If, due to the nature of the issue you have encountered, you are unable to run this command, please add a comment stating that fact and change the bug status to 'Confirmed'.

This change has been made by an automated script, maintained by the Ubuntu Kernel Team.

Changed in linux (Ubuntu):
status: New → Incomplete
tags: added: saucy
Revision history for this message
Serge Hallyn (serge-hallyn) wrote : Re: nested kvm on saucy kernel hangs

apport-collect isn't working for me - I authenticate (on another box) using the given link to allow the box to upload to the bug, but it keeps trying to open a new link in w3m.

In any case, there are no messages at all in /var/log/kern.log, unfortunately - either on host or in guest. It simply hangs, hard.

Changed in linux (Ubuntu):
status: Incomplete → Confirmed
Changed in linux (Ubuntu):
importance: Undecided → Medium
tags: added: kernel-da-key
Revision history for this message
Serge Hallyn (serge-hallyn) wrote : Re: nested kvm fails with trust and upstream kernels

Screenshot trying to boot a mini-iso from http://archive.ubuntu.com/ubuntu/dists/${release}/main/installer-${arch}/current/iamges/netboot/mini.iso, with both trusty and precise amd64, using command line:

kvm -enable-kvm -drive file=x.img,if=virtio.cache=none -cdrom precise-mini-amd64.iso -boot d -vnc :1

Running the command inside a 12.04.4 guest on a precise host with trusty
kernel.

description: updated
summary: - nested kvm on saucy kernel hangs
+ nested kvm fails with trust and upstream kernels
Revision history for this message
Serge Hallyn (serge-hallyn) wrote :

Screenshot trying to boot a cloud image from
http://cloud-images.ubuntu.com/quantal/current/quantal-server-cloudimg-amd64-disk1.img

The same thing happens using another cloud image release, as well
as converting the (qcow2) image to a raw image.

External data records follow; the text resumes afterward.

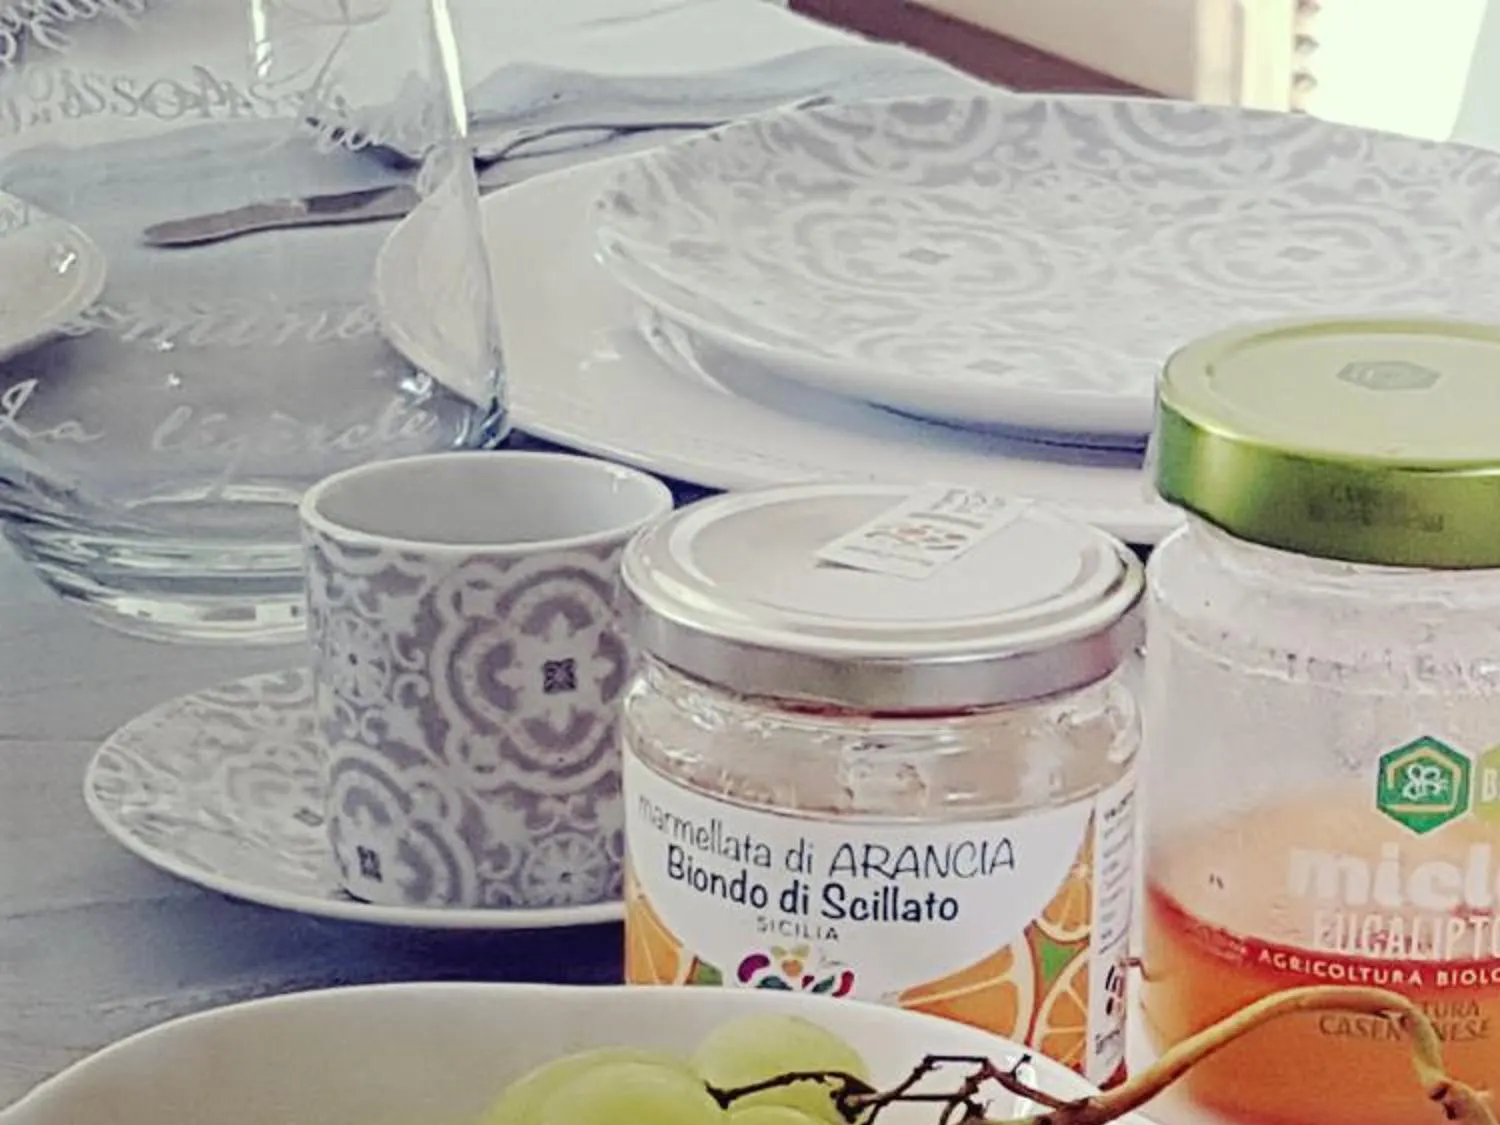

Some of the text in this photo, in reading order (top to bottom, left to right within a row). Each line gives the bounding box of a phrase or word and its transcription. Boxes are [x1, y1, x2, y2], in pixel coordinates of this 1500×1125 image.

[639, 794, 1016, 880] marmellata di ARANCIA
[667, 843, 959, 922] Biondo di Scillato
[757, 915, 839, 941] SICILIA
[1258, 948, 1423, 986] AGRICOLTURA
[1318, 1011, 1491, 1042] CASENNESE

kvm -drive quantal-server-cloudimg-amd64-disk1.img,if=virtio,format=qcow2,cache=none -vnc :2 -m 512 -enable-kvm

Running the command inside a 12.04.4 guest on a precise host with trusty
kernel. However the exact same thing happens running the command in a
trusty guest on a trusty host.

Revision history for this message
Serge Hallyn (serge-hallyn) wrote :

Note that all of these do work if you run

qemu-system-x86_64 -machine accel=tcg <rest-of-args> instead of kvm (and do not add -enable-kvm :)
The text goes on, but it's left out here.